To rebuild trust, banks have to go beyond corporate social responsibility and embed good practices in everything they do.
In November 2018, we were delighted to be named as one of two winners of the Lord Mayer’s Business of Trust Champion Award. It was a great night celebrating some fantastic businesses which promote a more socially responsible way of working – and it shows where the world of business needs to go.

Each of the winners, in their own way, showcased some of the positive moves being made in the world of business.
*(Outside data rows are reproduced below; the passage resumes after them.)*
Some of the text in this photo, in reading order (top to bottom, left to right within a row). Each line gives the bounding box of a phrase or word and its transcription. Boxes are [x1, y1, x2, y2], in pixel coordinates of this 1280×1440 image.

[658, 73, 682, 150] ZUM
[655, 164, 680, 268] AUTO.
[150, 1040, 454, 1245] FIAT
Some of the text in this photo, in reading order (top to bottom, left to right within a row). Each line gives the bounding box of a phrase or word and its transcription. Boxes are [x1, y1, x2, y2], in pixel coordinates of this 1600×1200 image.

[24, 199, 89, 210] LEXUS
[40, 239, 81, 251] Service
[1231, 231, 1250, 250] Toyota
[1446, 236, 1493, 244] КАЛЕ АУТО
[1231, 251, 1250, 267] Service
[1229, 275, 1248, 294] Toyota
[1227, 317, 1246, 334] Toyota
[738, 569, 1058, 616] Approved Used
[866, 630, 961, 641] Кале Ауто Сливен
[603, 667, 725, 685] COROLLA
They included:

  • MacQuarie: Won the Accelerator Award for helping to grow Leadership Through Sport and Business, a charity which aims to increase social mobility for people from disadvantaged backgrounds.
  • Think Forward: Their partnership with ICG Specialist Asset Management to help prevent youth unemployment by intervening early and providing long term support for schools with disengaged youth people between the ages of 13 and 18.
  • Beck Greener: Its program ‘STEM’ Branching Out encourages people from disadvantaged backgrounds to consider careers in science.

All of them show that the power of business can be used to drive all sorts of positive results. Indeed, there are many more examples of great projects all around the country, and they demonstrate a genuine desire at all levels to create a more socially responsible approach for business.

An issue of trust

But the sector needs to do more. By including the Business trust Champion Award, the City of London recognised that corporate social responsibility projects are only part of the story. Social responsibility has been an important part of corporate strategy for many years, but this doesn’t necessarily translate to improved trust.
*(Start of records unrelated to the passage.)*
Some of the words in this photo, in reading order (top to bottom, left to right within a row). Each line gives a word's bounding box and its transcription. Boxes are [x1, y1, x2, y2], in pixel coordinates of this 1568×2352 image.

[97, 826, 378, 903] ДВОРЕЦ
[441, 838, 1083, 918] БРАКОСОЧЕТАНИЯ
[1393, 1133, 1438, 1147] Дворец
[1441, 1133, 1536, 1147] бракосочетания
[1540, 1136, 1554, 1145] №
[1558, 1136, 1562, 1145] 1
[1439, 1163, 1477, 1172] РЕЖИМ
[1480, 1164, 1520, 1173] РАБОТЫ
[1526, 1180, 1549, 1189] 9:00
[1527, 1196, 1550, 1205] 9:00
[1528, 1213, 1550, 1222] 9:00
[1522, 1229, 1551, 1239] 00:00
BP for example, was seen as a positive force in the energy world. Their commitment to renewable energies and CSR saw them included in many ethical funds; they were the sustainability partners of London 2012. All that hard work was somewhat torpedoed after the accident in the Gulf of Mexico – something which was down to a failure of basic day to day practices.

Trust comes through everyday activities: from good corporate practices, commitments to diversity and equal opportunities and the ability to avoid falling foul of the regulators.
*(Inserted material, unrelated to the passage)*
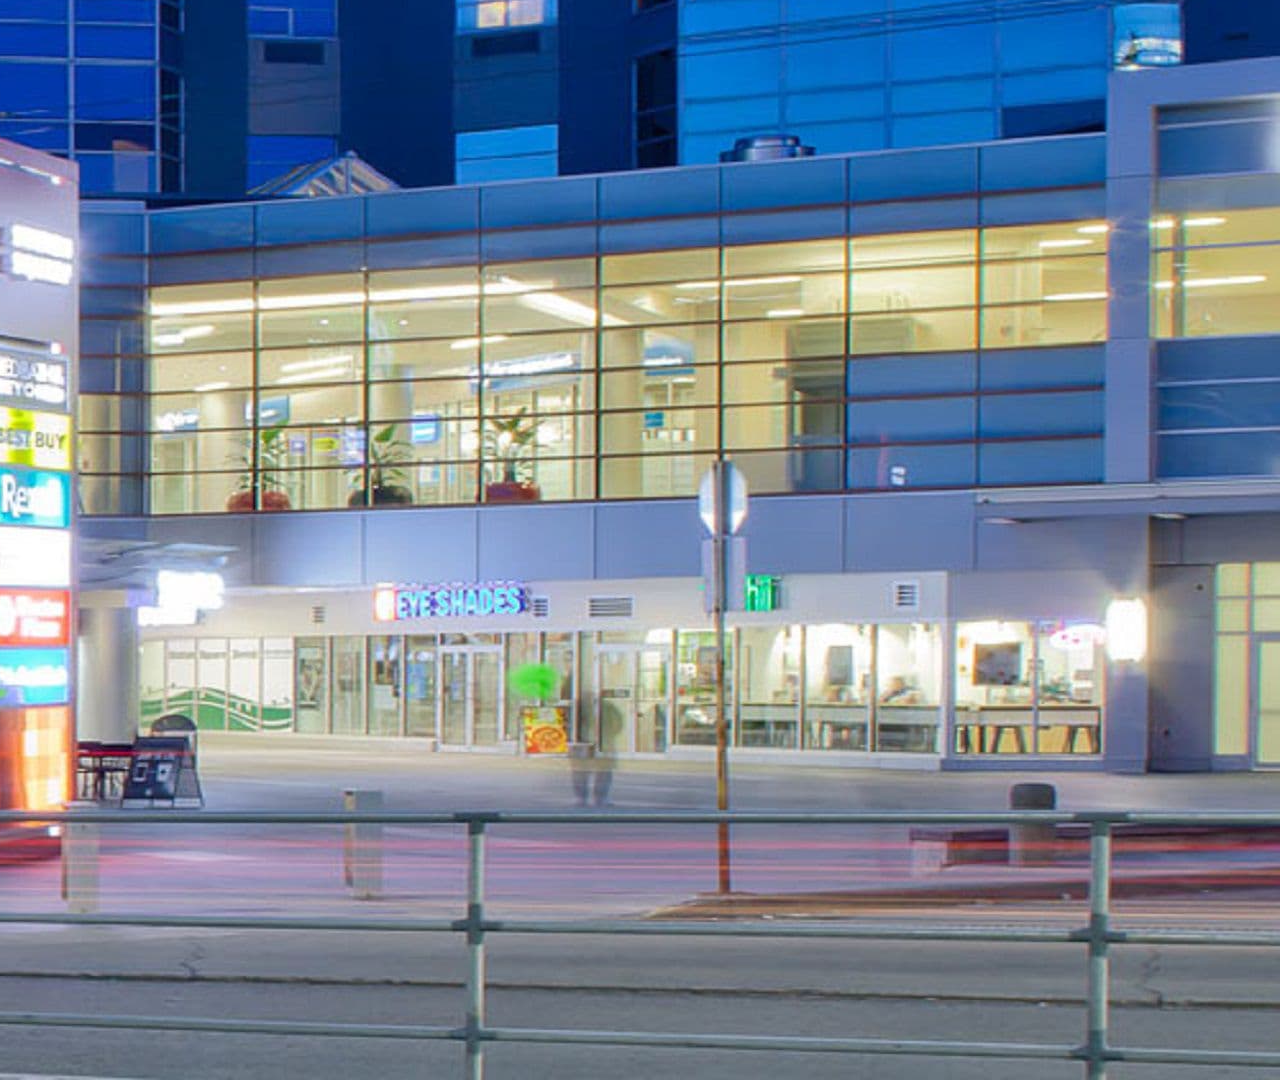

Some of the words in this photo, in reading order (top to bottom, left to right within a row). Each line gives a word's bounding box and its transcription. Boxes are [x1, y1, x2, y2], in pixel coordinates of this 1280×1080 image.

[35, 431, 68, 451] BUY
[397, 589, 433, 619] EYE
[435, 587, 522, 617] SHADES
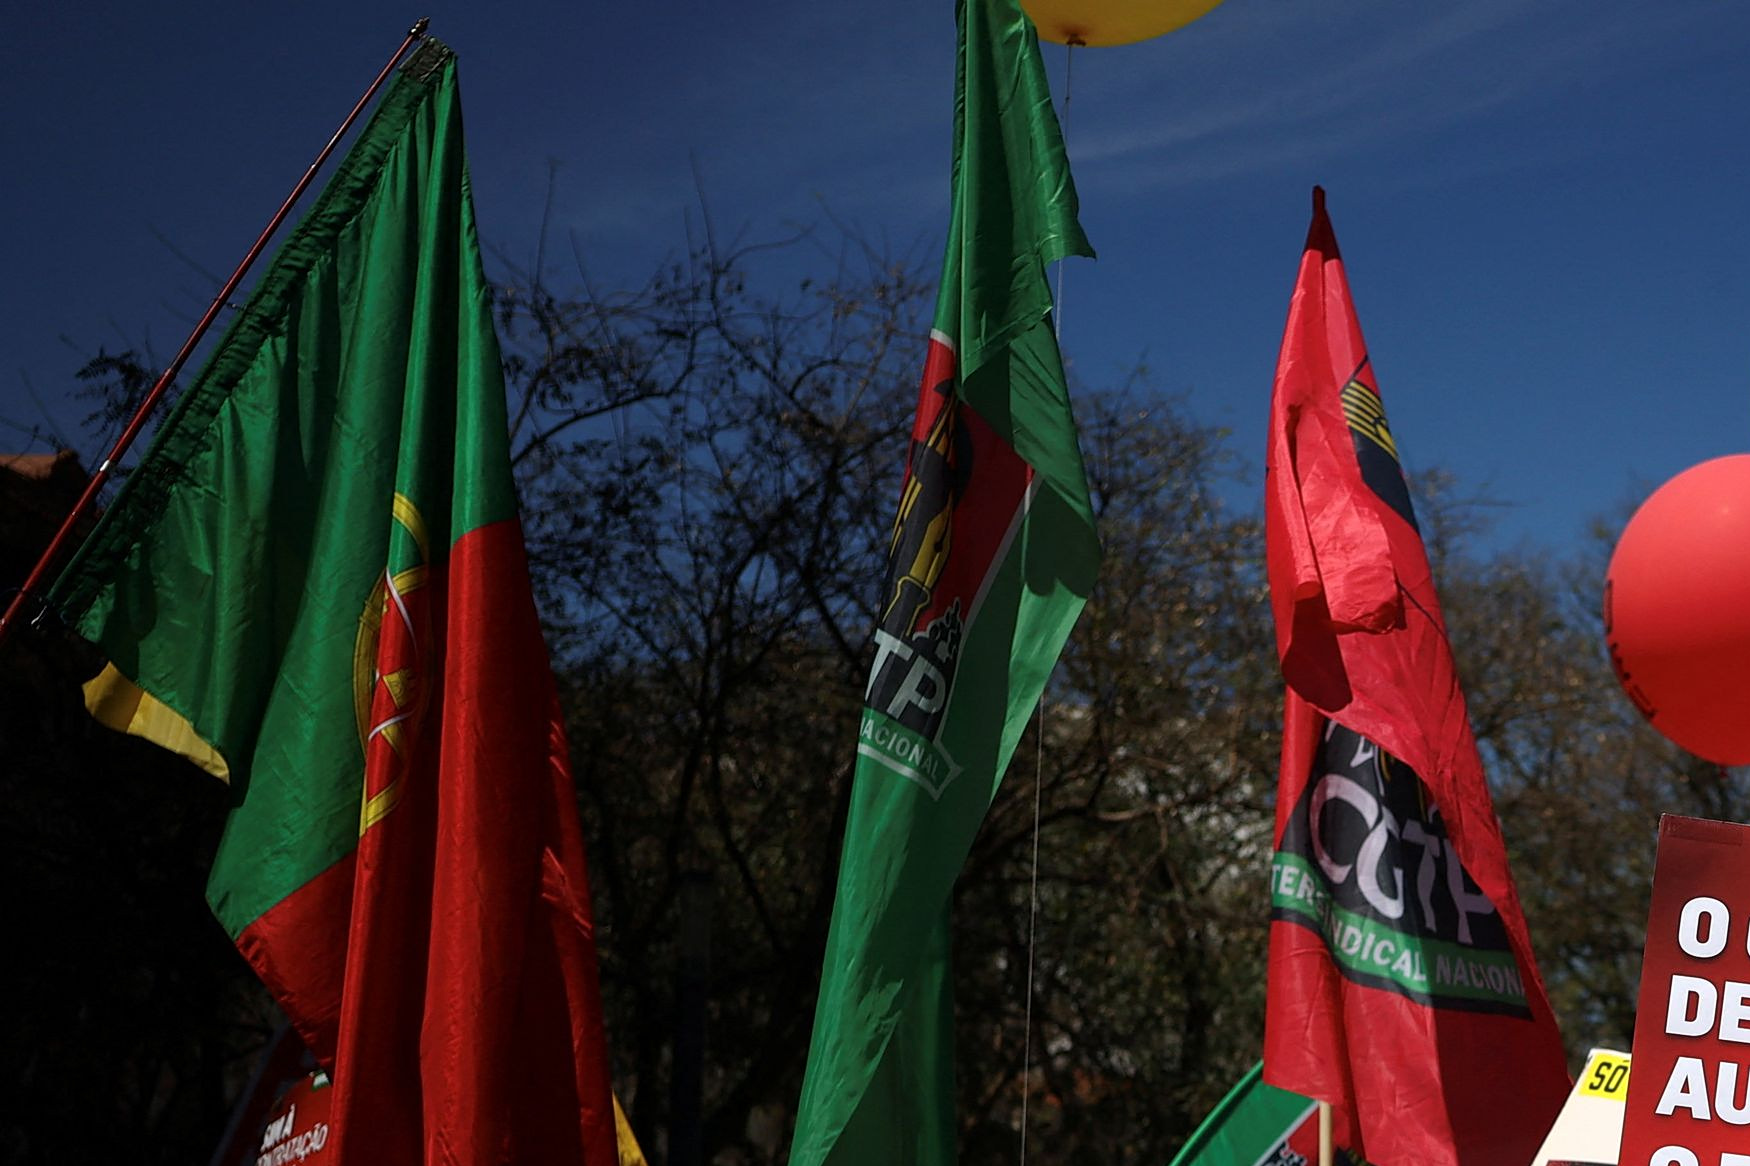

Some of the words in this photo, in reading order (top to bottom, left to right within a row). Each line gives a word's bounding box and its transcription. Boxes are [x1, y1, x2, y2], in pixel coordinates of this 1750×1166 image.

This is the direction financial regulation is heading. From GDPR putting customers back in control of their own data to MiFiDII demanding institutions keep a complete record of all communications, the focus is on improved corporate culture and transparency.

Doing so may not always be a result of neglect or corporate greed. In an evolving regulatory landscape it can be difficult to plug all the gaps and to ensure compliance across an organisation. It only takes one bad apple to potentially destroy the reputation of a company.

Reputational threats come from everywhere: whether it’s poor trading practices of an individual, a failure to disclose information or keep customer data safe. By looking after the little details, banks have a good chance of making sure that the bigger issues look after themselves.